Gorsuch Gets Personal, Recounts Nomination Process as Book Debuts
Despite the civic challenges facing the U.S. and his own frustrations with his nomination process, Supreme Court Justice Neil Gorsuch said he's optimistic about the country's future.
September 08, 2019 at 03:00 PM
5 minute read
Associate U.S. Supreme Court Justice Neil Gorsuch and his wife, Louise, after his investiture ceremony on June 15, 2017. (Photo: Diego M. Radzinschi/ALM)
President Donald Trump's White House may be leakier than many of his predecessors', but its best-kept secrets have involved who is nominated to the U.S. Supreme Court and how they got there. In his new book, "A Republic, If You Can Keep It," Justice Neil Gorsuch takes readers behind the scenes of his own selection and confirmation.
Gorsuch retraces his steps from Colorado to the Lincoln Bedroom as he prepared to introduce himself to the country—including how he evaded the news media's watchful gaze. In an interview on his 52nd birthday, he told The National Law Journal that this was a book born of his experience in the U.S. Senate confirmation process.
He wouldn't have written the book if he had not been nominated to the Supreme Court, he said, but he still would have written it if his nomination had failed.
"I talk about the challenges we have on civics and civility in the book, but I don't want anyone to leave thinking I'm not optimistic about the future," Gorsuch said. "The picture on the cover should tell you something. It's a barn near my old house in Colorado with Longs Peak in the background. I'm optimistic."
Gorsuch's disappointment that many Americans view judges as politicians is central to his book, but he doesn't want readers to take his concerns about civic understanding as despair. And he emphasized that he's grateful for the opportunity he was granted.
![Book cover: A Republic, If you can keep it, by Neil Gorsuch.](https://images.law.com/contrib/content/uploads/sites/398/2019/09/Grosuch-Book-Vert-201909081350.jpg)
"I lost my anonymity in the confirmation process. I didn't know how valuable anonymity was until I lost it," he said. "Everywhere I went at that time, people would stop me and I felt a real loss. But when you lose something, I've found God often gives you something in return if you just look hard enough for it. And what I got in return was the opportunity to witness how much the American people love their country and want their government, their courts, to succeed."

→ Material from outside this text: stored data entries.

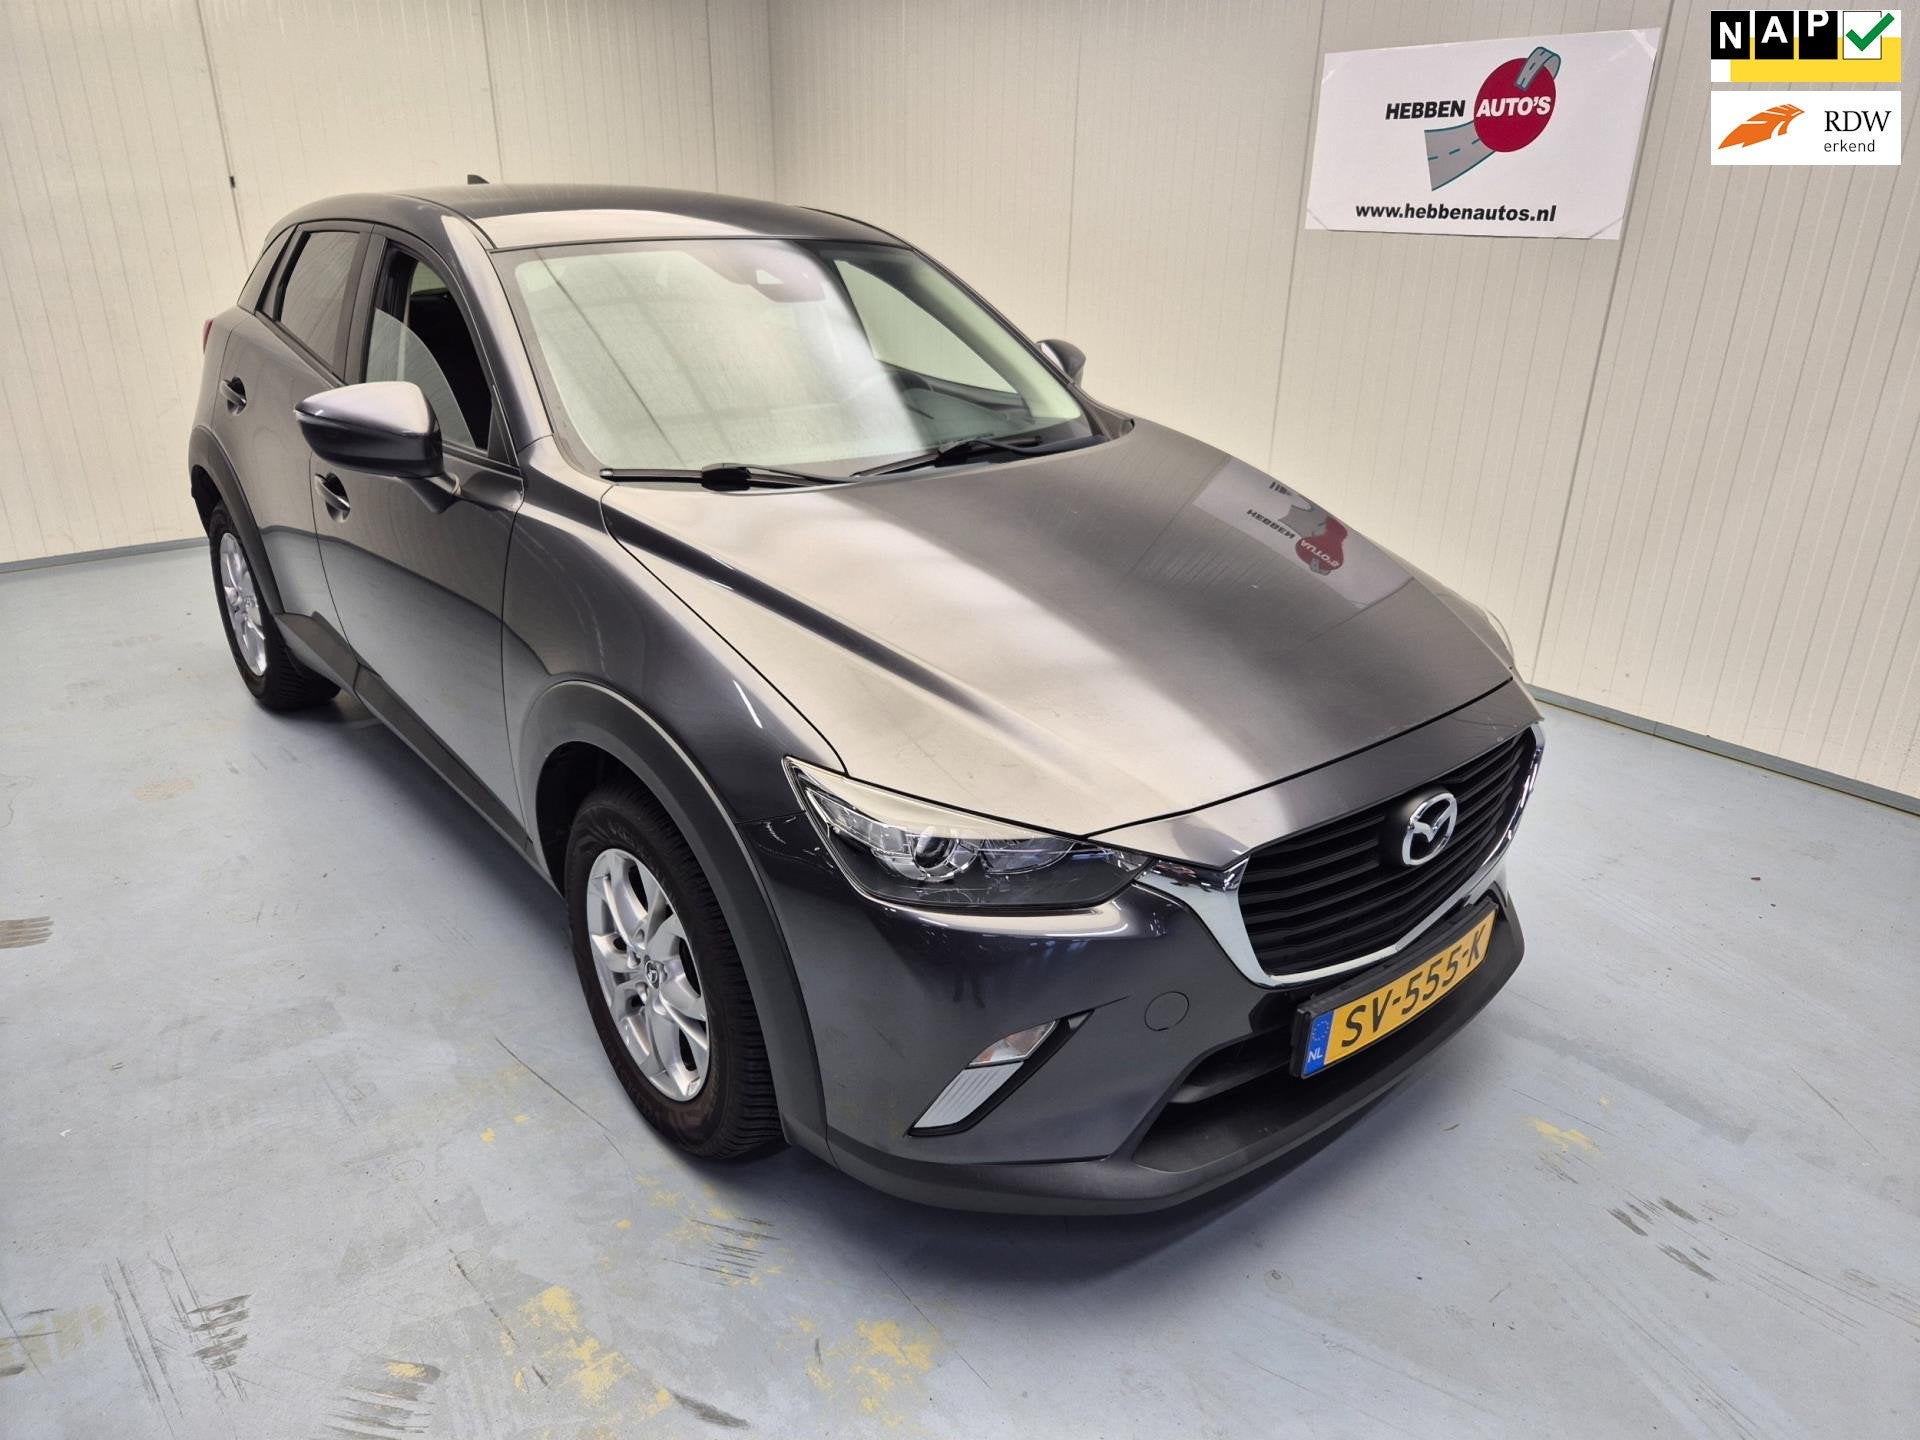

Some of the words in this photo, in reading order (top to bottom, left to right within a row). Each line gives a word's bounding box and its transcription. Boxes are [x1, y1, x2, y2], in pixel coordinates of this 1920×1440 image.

[1386, 100, 1465, 120] HEBBEN
[1476, 95, 1551, 118] AUTO'S
[1355, 203, 1556, 223] www.hebbenautos.nl
[1341, 926, 1484, 1048] SV-555-K
[1307, 1048, 1322, 1062] NL

Despite all eyes trained on his nomination, Gorsuch recounts in the book how he thinks public perception of the bruising confirmation fight differed from reality, writing, "Outside observers would sometimes say, boy, it's going smoothly. If they only knew!" He writes that most anyone who had come into contact with him was affected by his nomination, from former colleagues in private practice to his grade school teachers.
The frustration he details in the book mirrors a moment in the U.S. Senate hearings on his nomination, when he said, "I regret putting my family through this." Asked about that regret and frustration, Gorsuch sounded a tad homesick.
"I am honored and I am humbled to serve the American people in this capacity," Gorsuch said. "If you're asking me, do I miss the Colorado mountains? Today's my birthday, I miss the Colorado mountains. I'd rather be in a trout stream right now. But I'm honored to be able to serve and humbled that I was chosen to do it."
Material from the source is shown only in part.